Had a great Christmas with the girls. I was surprised myself I had as good a time as I did. I managed to buy all gifts for the girls with no help from H who didn't contribute a dime and they actually told they liked everything better than they ever have. I think it's because they weren't overloaded with things.
H messaged to see if he could bring gift to Daughter. He came over after we finished our Christmas as planned. I stayed in my room, let her answer door. I was appalled. He stayed for 8 minutes. I'm ashamed he's her dad right now considering the strong bond they used to have. 8 minutes after only seeing her twice in the last year. He got her a gift and a small stuffed animal. What I think is sad, the last two nights she has slept holding tightly to that stuffed animal. She wants that relationship with him. But his excuses for no relationship with her always begin with she, her, you, y'all. Never I, me, ( for example she didn't want to see me, she heard you talking, y'all were going somewhere). He will not ever take any responsibility for the mess he created between the two of them. The 2 times they did see each other she acted like the adult and asked him and set it up. Ok enough of my rant.
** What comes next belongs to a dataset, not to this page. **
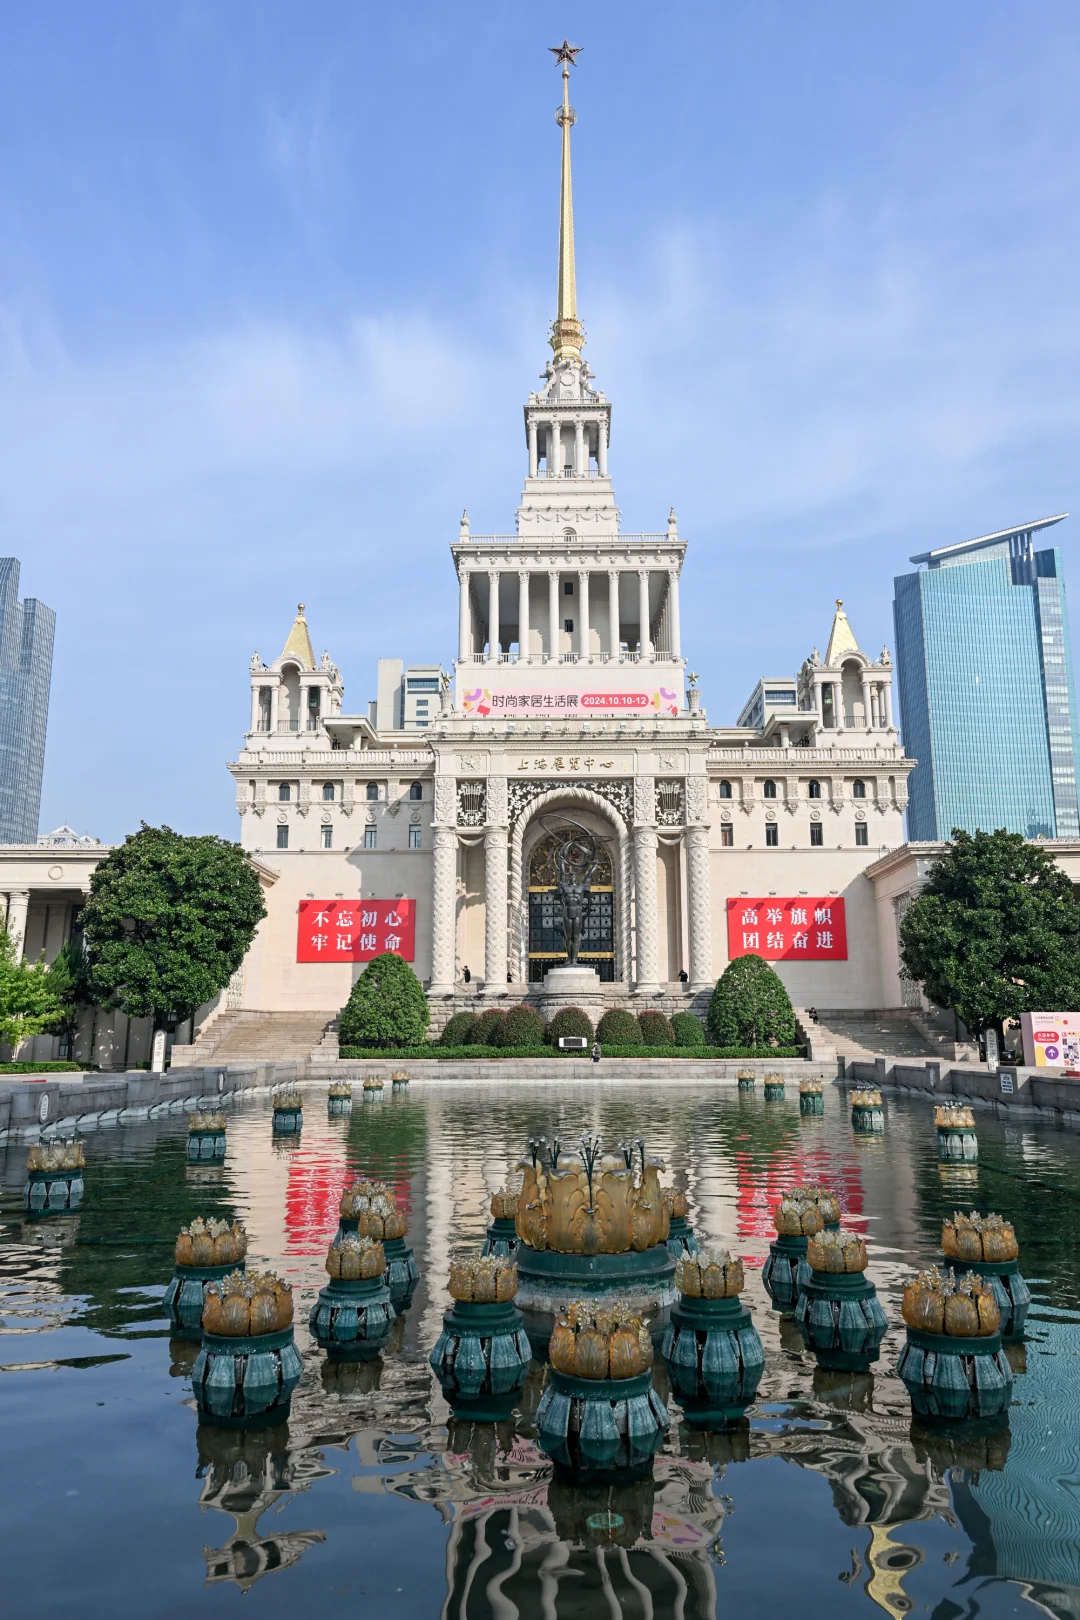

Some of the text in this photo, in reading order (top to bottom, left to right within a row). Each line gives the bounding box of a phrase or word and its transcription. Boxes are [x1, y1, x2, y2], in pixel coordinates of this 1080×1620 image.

I knew I couldn't make it ALL the way through Christmas. As expected, the morning after Christmas at 9:00 my attorney calls to let me know H has responded to the papers after having them for 6 weeks. I knew he was going to wait and do it on Christmas. I got mad and called him. I know I shouldn't have. He loves to see me sweat. It gives him more power. Why do I do that? My mom told me do whatever I have to do other than call him when I get mad like that because it just gives him more ammo. She works in the courts and said he can easily try and make me look crazy. Also I am furious, the papers the attorney sent uses his title, not Mr. ..... I am so worried if this goes to court I am toast with his title. My mom said let it go or I will start being made to look crazy if I fight that. I have bigger issues to fight.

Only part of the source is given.